## Work instruction
Please give the records below again in full, exactly, with the images left out.

[Free-text object descriptions]
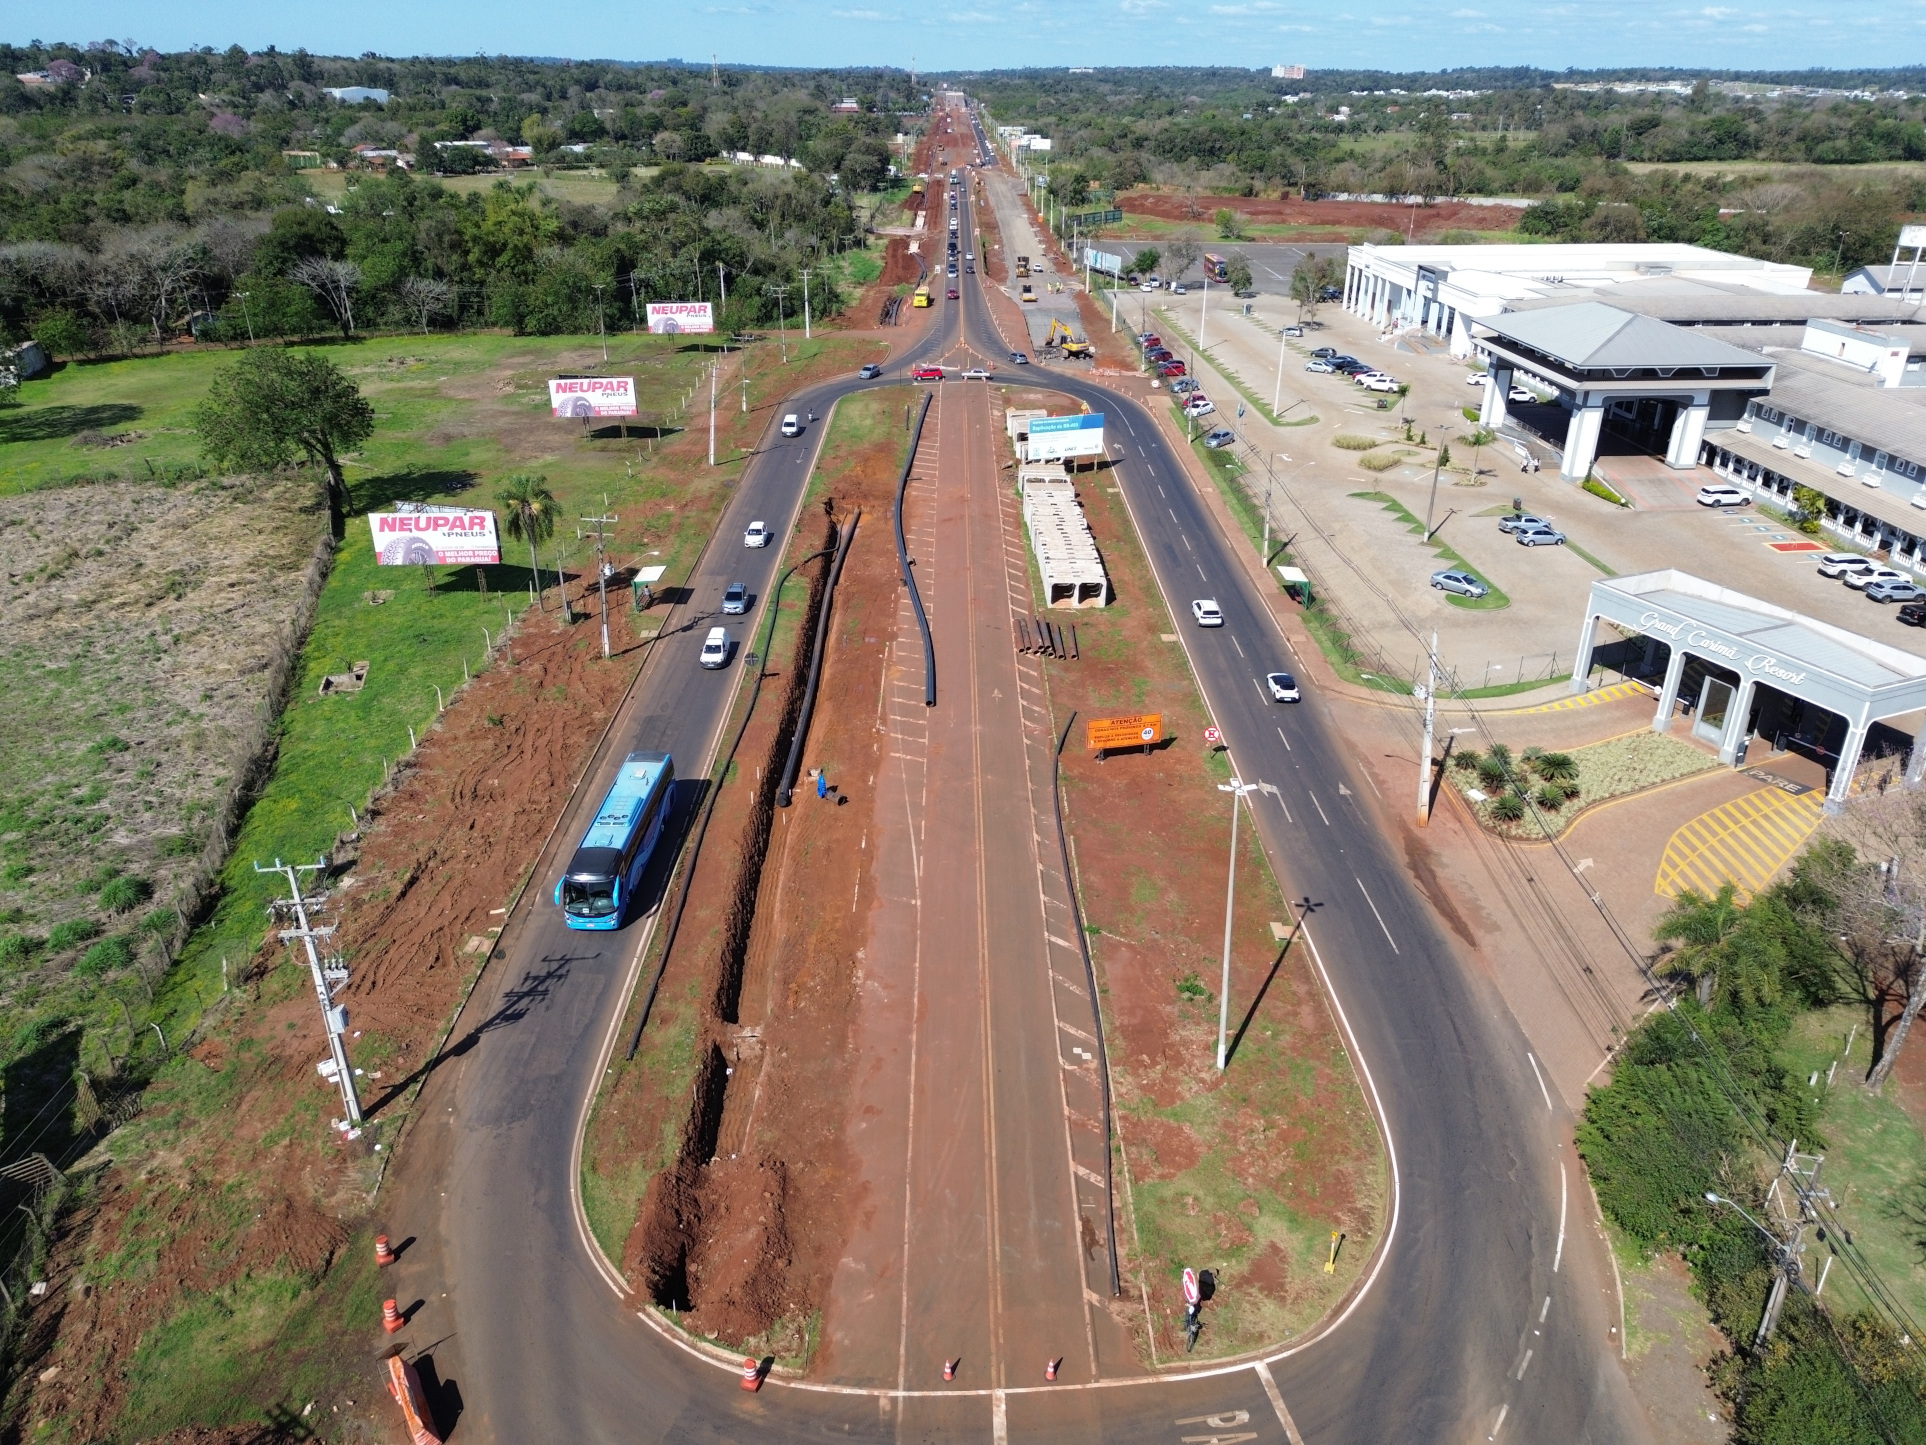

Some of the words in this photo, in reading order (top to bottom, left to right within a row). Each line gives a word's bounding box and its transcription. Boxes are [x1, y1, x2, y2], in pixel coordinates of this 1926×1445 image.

[651, 305, 708, 315] NEUPAR
[555, 380, 629, 394] NEUPAR
[379, 515, 486, 533] NEUPAR
[474, 549, 498, 558] PREÇO
[1633, 611, 1697, 642] Grand
[1687, 630, 1742, 661] Carimã
[1744, 654, 1806, 686] Resort
[1110, 717, 1143, 726] ATENÇÃO
[1749, 769, 1802, 793] PARE
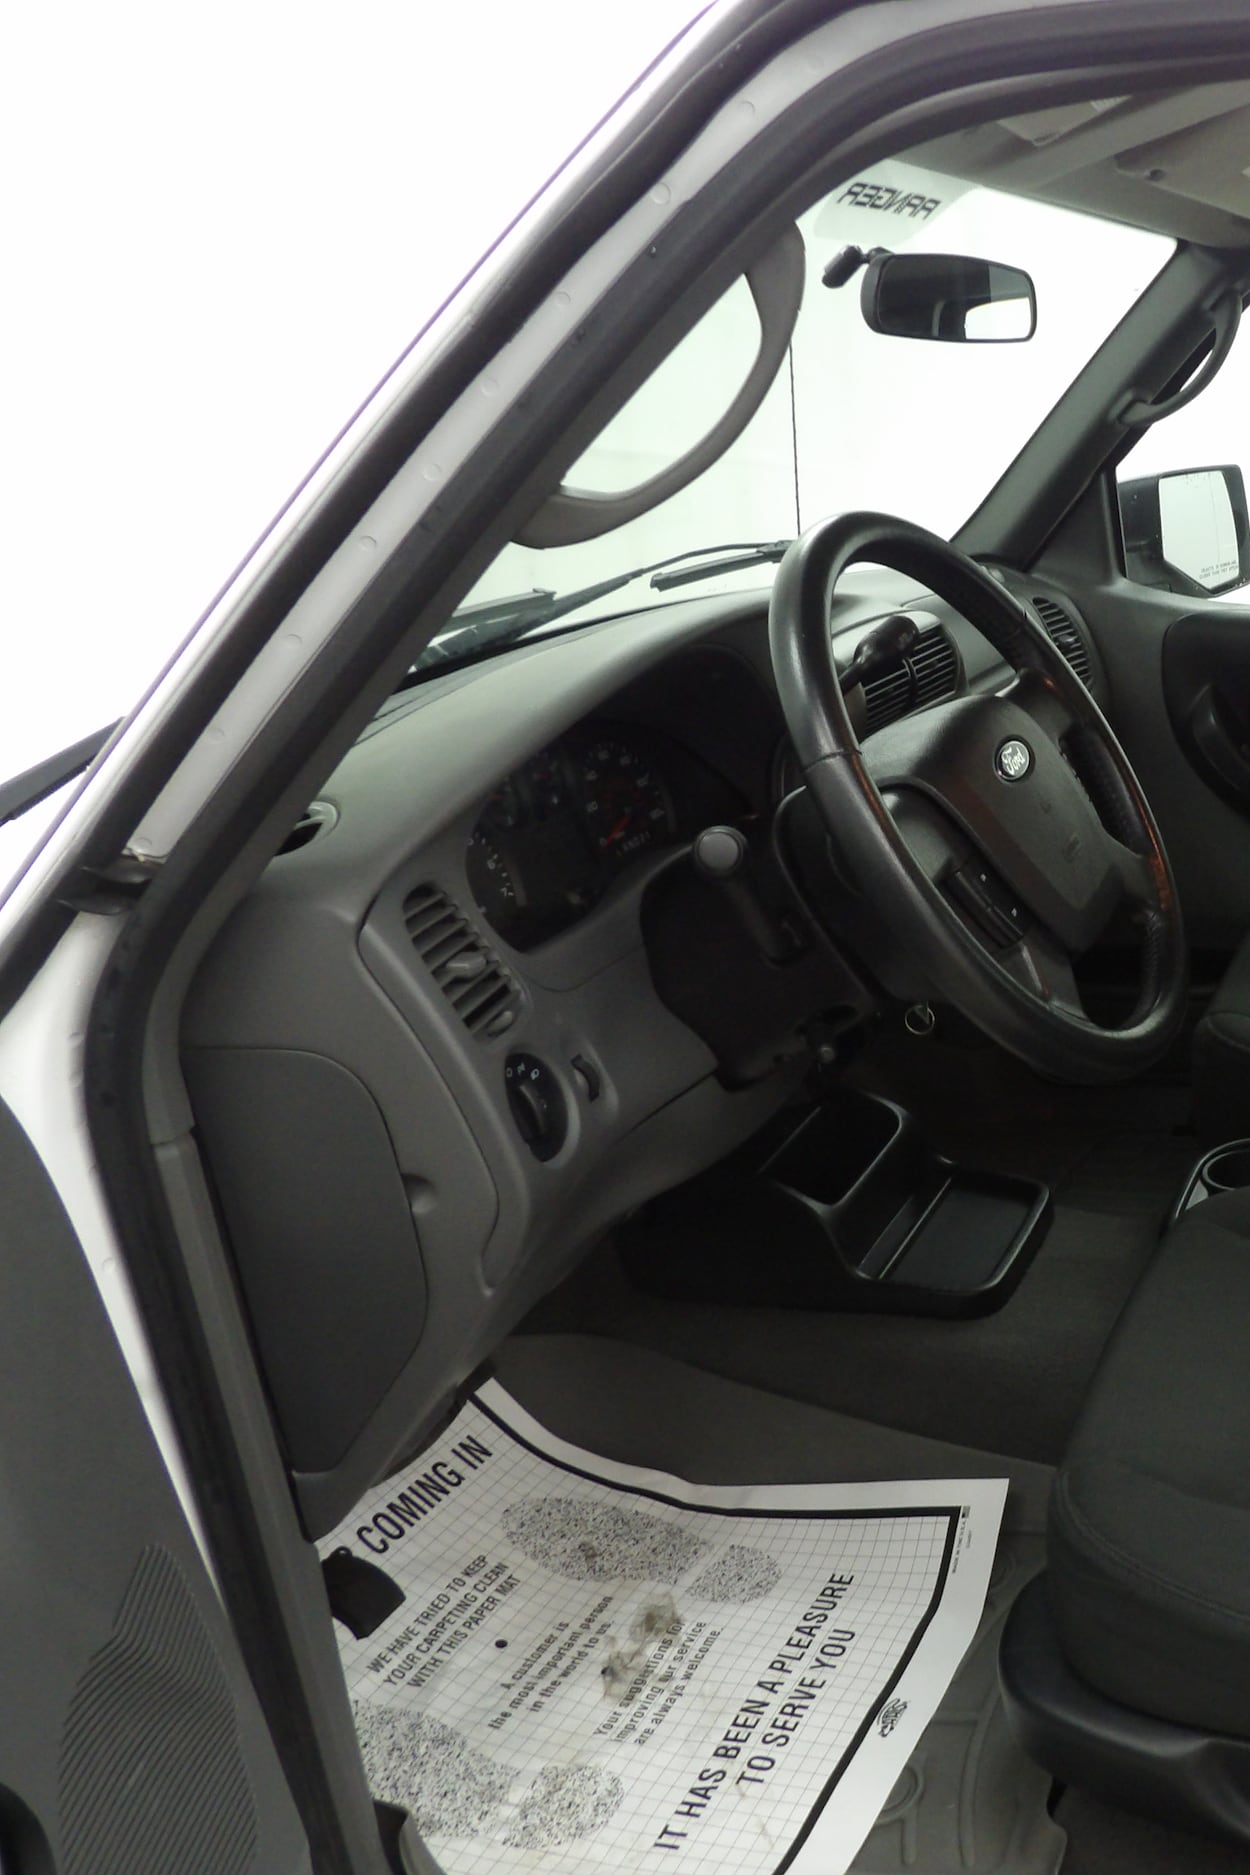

## Result of the task
Some of the words in this photo, in reading order (top to bottom, left to right within a row). Each line gives a word's bounding box and its transcription. Boxes are [x1, y1, x2, y2], in pixel coordinates of this 1926×1445 image.

[651, 305, 708, 315] NEUPAR
[555, 380, 629, 394] NEUPAR
[379, 515, 486, 533] NEUPAR
[474, 549, 498, 558] PREÇO
[1633, 611, 1697, 642] Grand
[1687, 630, 1742, 661] Carimã
[1744, 654, 1806, 686] Resort
[1110, 717, 1143, 726] ATENÇÃO
[1749, 769, 1802, 793] PARE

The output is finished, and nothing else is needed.